Наконец, набрав достаточно материала, мы начали записывать альбом, загрузившись со своими инструментами в студию Олимпик в районе Барнс, как раз под мостом Хаммерсмит. Глин Джонс, продюсировавший ранние записи Rolling Stones, выступил нашим продюсером на новом восьми–канальном оборудовании студии.
После того, как Глин остался доволен расположением микрофонов, я начал играть Rondo. Мы обкатали эту вещь на концертах и, войдя в правильный темп, Дэйви выдал первое соло подобно Стрельцу, выпускающему стрелы во всех направлениях. Брайан с Ли держали ритм. Когда Дэйв закончил соло, я был ошеломлён, и судя по выражению лица Дэйви, он тоже. Или так смотрят все, кто пройдется по минному полю?
До сих пор то соло остаётся для меня одним из лучших соло всех времён. Своё соло я начал незамысловато, простыми линиями и интервалами, а ритм–секция делала своё дело. Появился Эндрю Олдэм, его было видно в аппаратной; я в это время неистовствовал в финале. Затем мы собрались прослушать полученный результат. Общий вердикт был таков: «Вау!» С довольной улыбкой на лице, Эндрю Олдэм прихватил копию композиции и быстро смылся. Не даром его лейбл назывался Immediate (Немедленный).
Я до сих пор помню в мельчайших подробностях момент, когда я покидал студию и возвращался к себе в каморку с чувством благоговения от того, что нам удалось сделать — непонятно как. Мы импровизировали без всякой подготовки, выдавали брильянты по ходу игры — всё, что мы играли, казалось, было единственно возможным в тот момент. Я был настолько вдохновлён тем, что произошло, и мне захотелось создать ещё кучу новых идей из своего соло. Боже! Музыка была великолепной! Мы двигались без карт, на ощупь прокладывая дорогу, вполне возможно мы пришли бы и к другим местам.

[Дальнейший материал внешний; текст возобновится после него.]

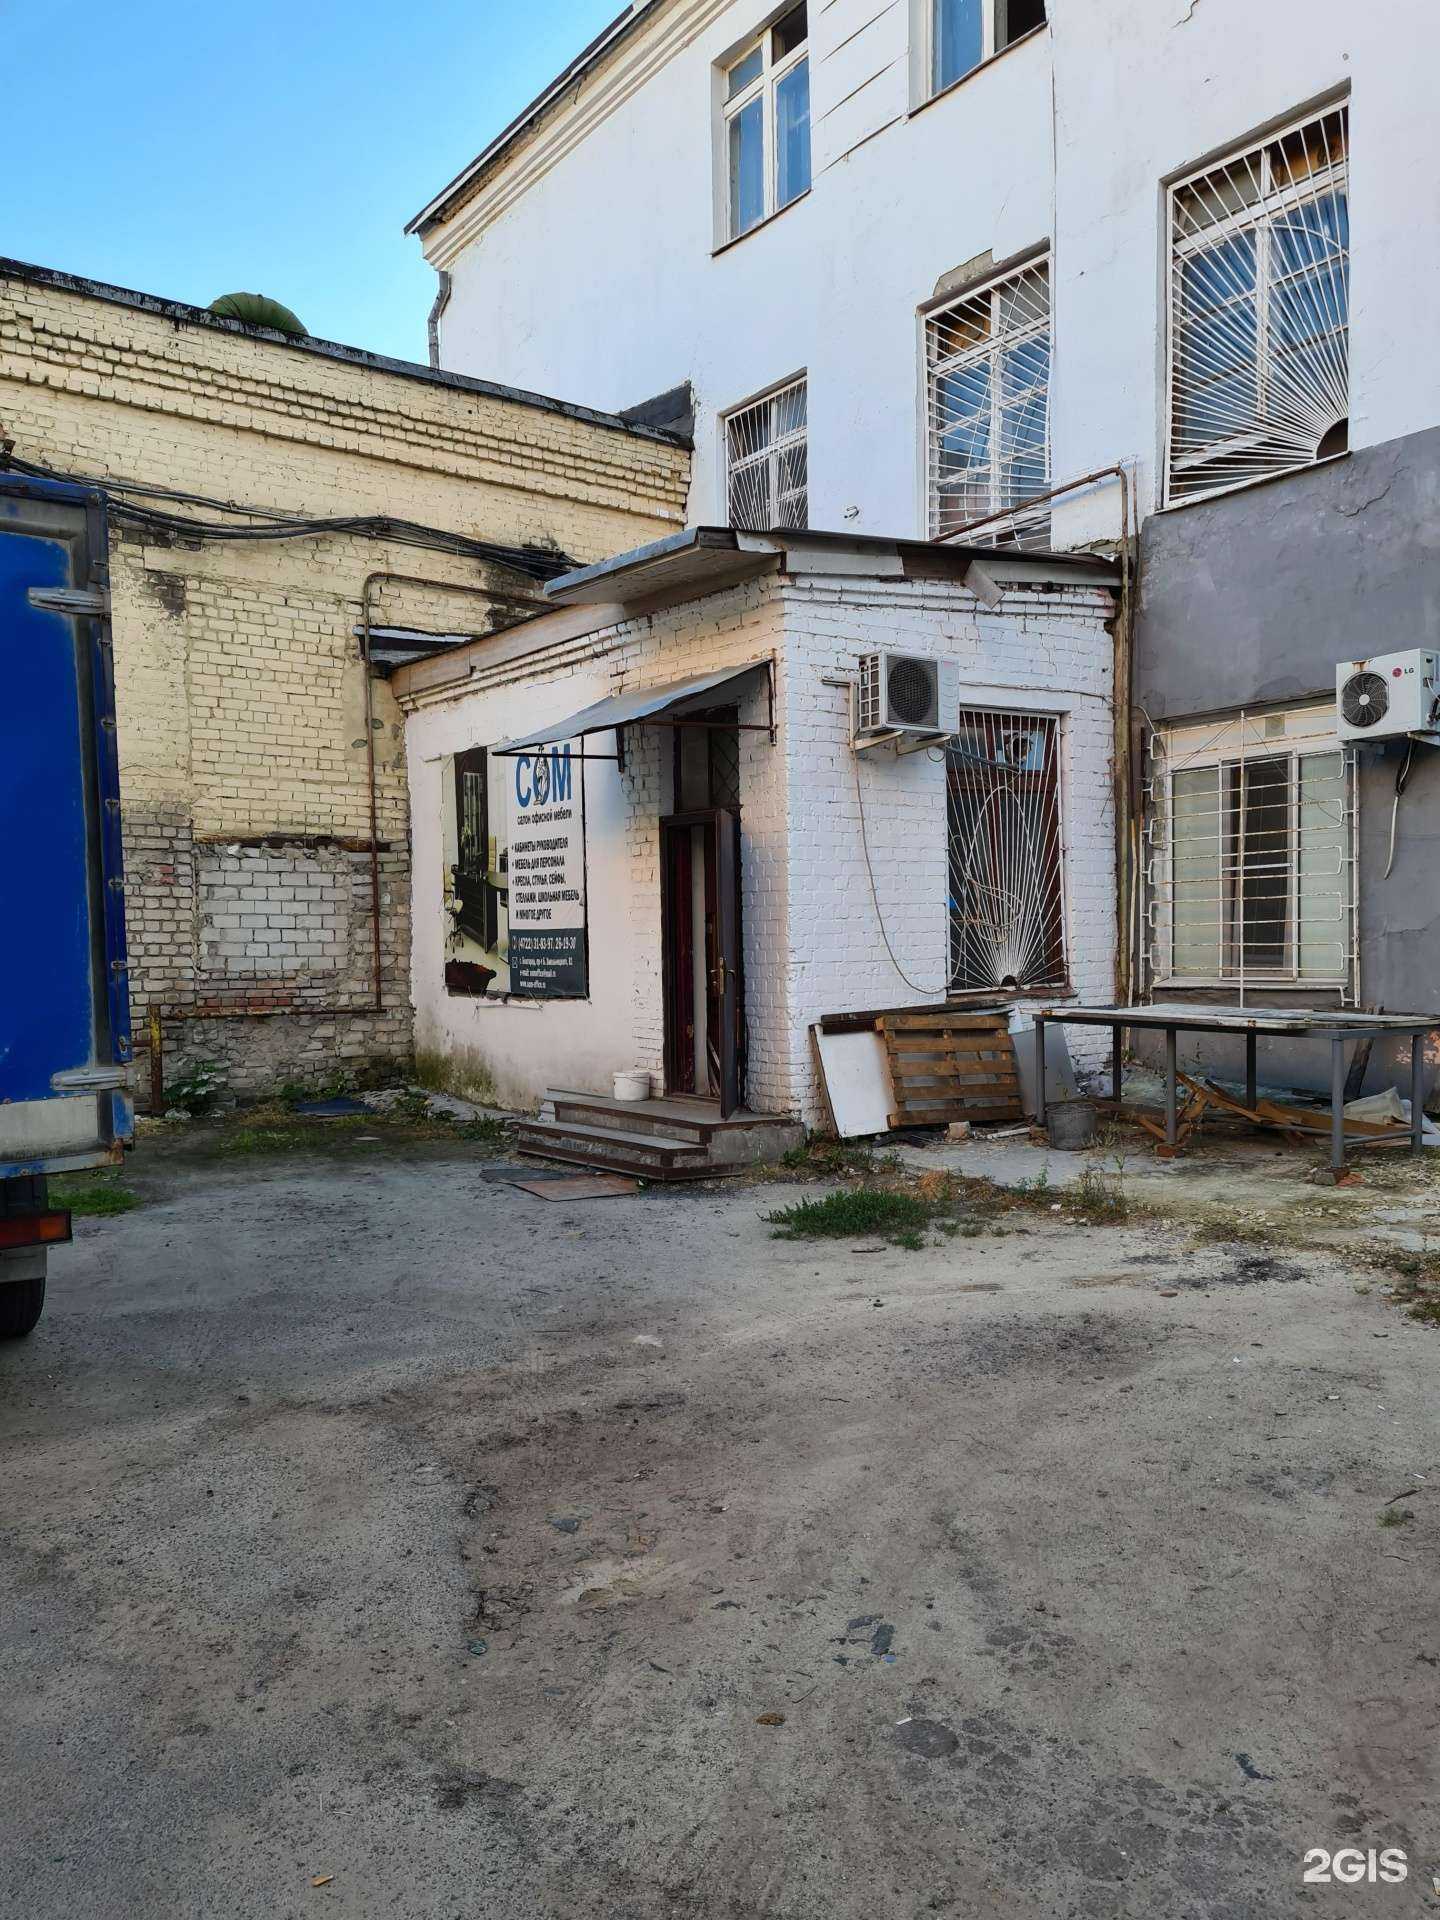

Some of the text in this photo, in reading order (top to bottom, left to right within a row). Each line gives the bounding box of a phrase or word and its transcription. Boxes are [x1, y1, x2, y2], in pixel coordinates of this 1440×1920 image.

[517, 807, 572, 826] салон офисной мебели
[515, 858, 531, 870] МЕБЕЛЬ
[540, 855, 565, 868] ПЕРСОНАЛА
[561, 889, 579, 901] МЕБЕЛЬ
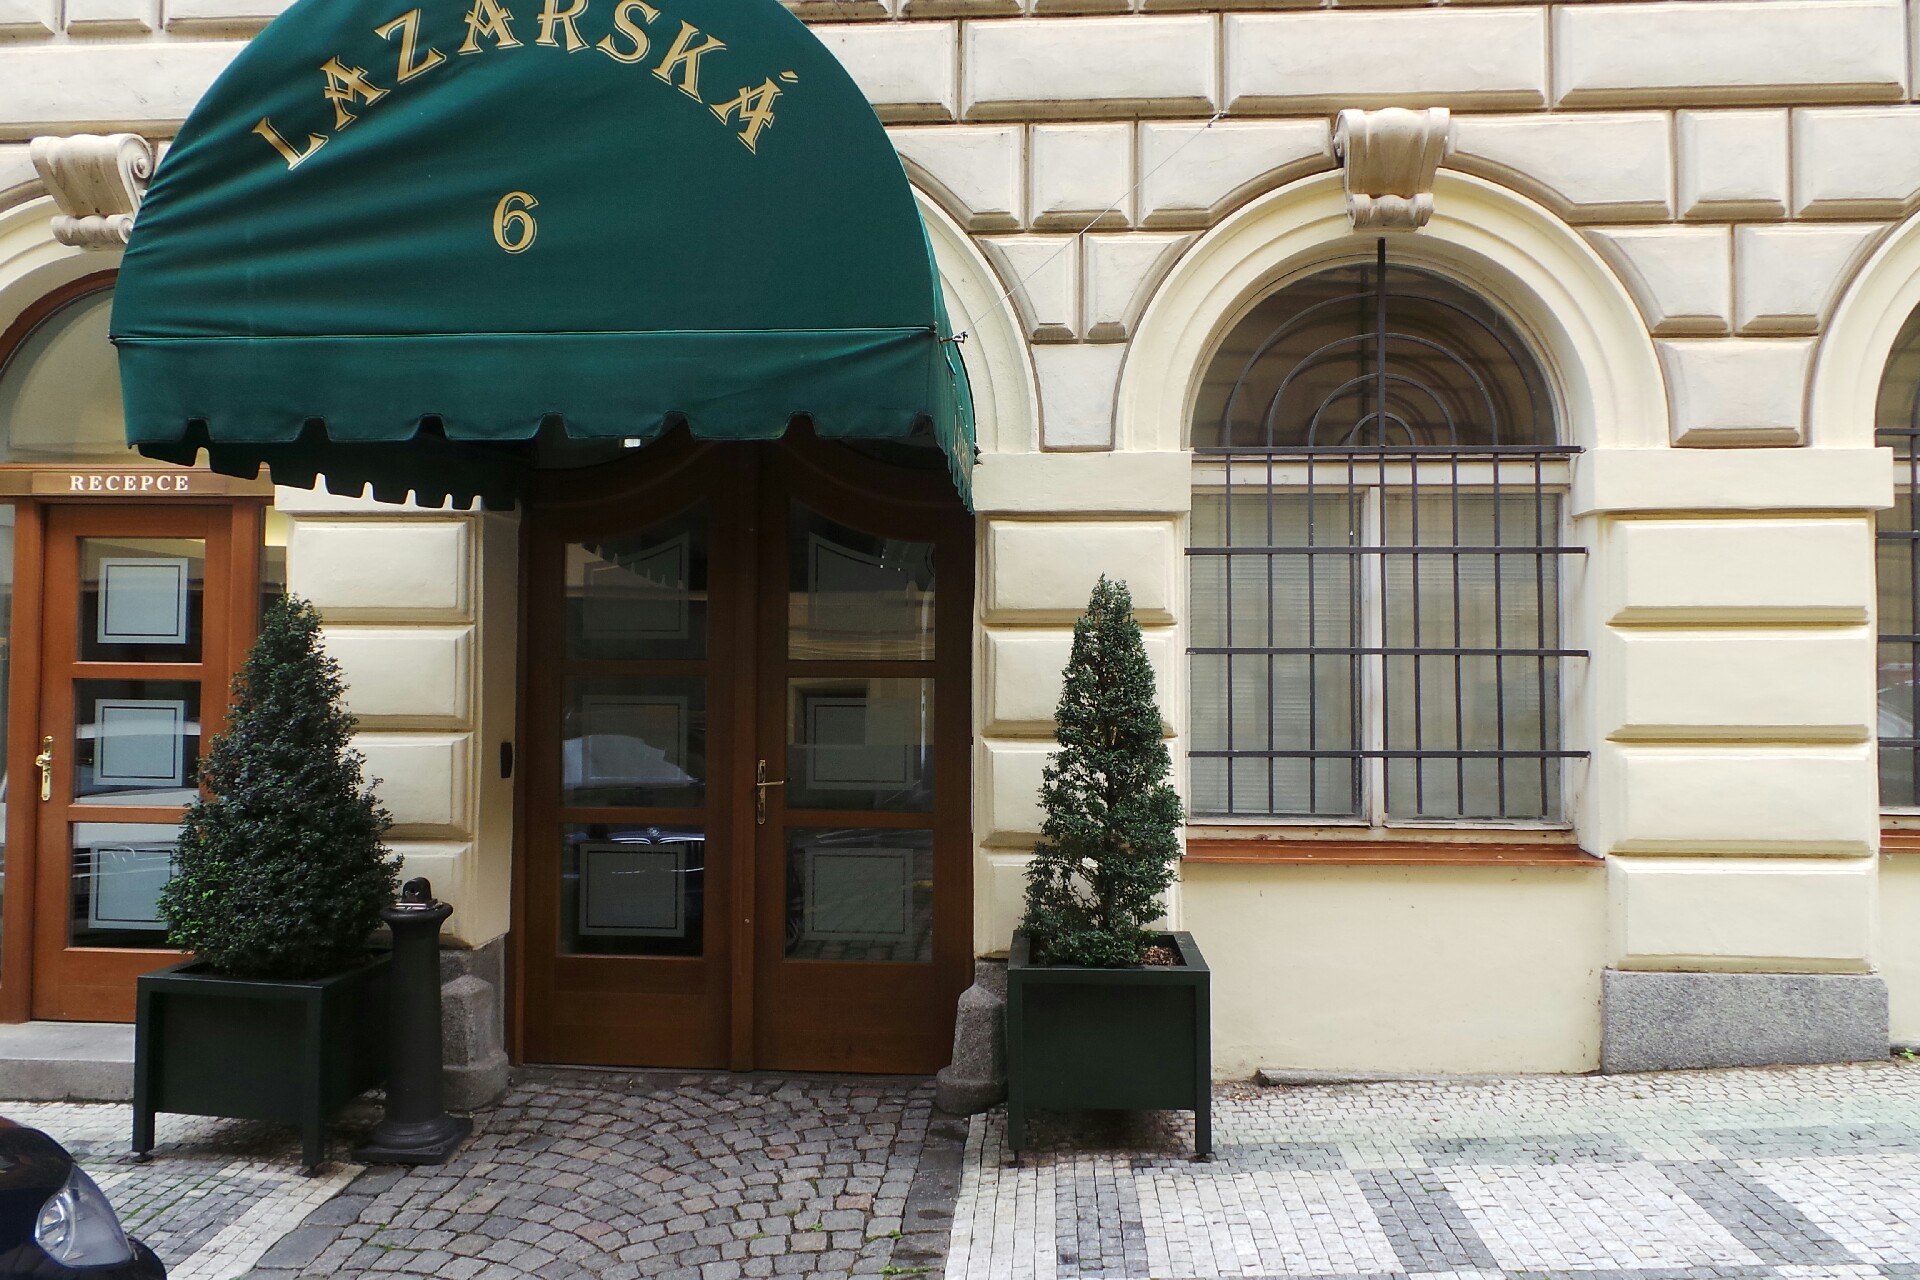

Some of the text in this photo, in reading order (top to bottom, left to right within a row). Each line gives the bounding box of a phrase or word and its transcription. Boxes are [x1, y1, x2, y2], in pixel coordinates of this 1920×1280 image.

[251, 0, 799, 171] LAZARSKÁ
[492, 190, 539, 254] 6
[69, 475, 190, 491] RECEPCE

По причинам, которые мы тогда не понимали, Тони Колдер посоветовал зарегистрировать авторские права на песни под одним именем — для нашего же блага. Мы долго не хотели принять совет, но всё–таки создали анаграмму из собственных фамилий — Эмерлист Дэвджек.
Политические убеждения Ли в те времена склонялись к определённой анархии. Конкретно, он ненавидел профсоюз музыкантов, обзывая их «музыкальными работягами»: «Профсоюз вообще не должен существовать. Музыка — творческий акт, ей не нужен профсоюз». Он развил свою мысль дальше: «Они нужны для водителей автобусов и таксистов, которые иногда выходят на забастовки. Поп–музыканты находятся на самом дне табели о рангах. Они ведь грязные и немытые засранцы, а не чистенькие стриженные паршивцы из танцевальных оркестров, посещающих собрания профсоюза. Был я там пару раз. Зачем сидеть несколько часов и слушать о том, как тысячи фунтов утекают из наших карманов? Плохие музыканты пытаются добиться власти путём создания комитетов и организации мероприятий для настоящих музыкантов. Если бы у нас было время, мы бы посещали собрания и ни за что не выбрали их в руководство, но мы слишком заняты. Ты просто платишь целевые и пытаешься игнорировать их. Профсоюз только создаёт проблемы. Никто не может играть в Швеции только потому, что промоутеры не принимают взамен шведские группы. Если профсоюз и должен существовать, то в качестве советчика, а не диктатора. Если я хочу играть в ЮАР, я буду там играть. Они же только мешают — пусть катятся в Кремль».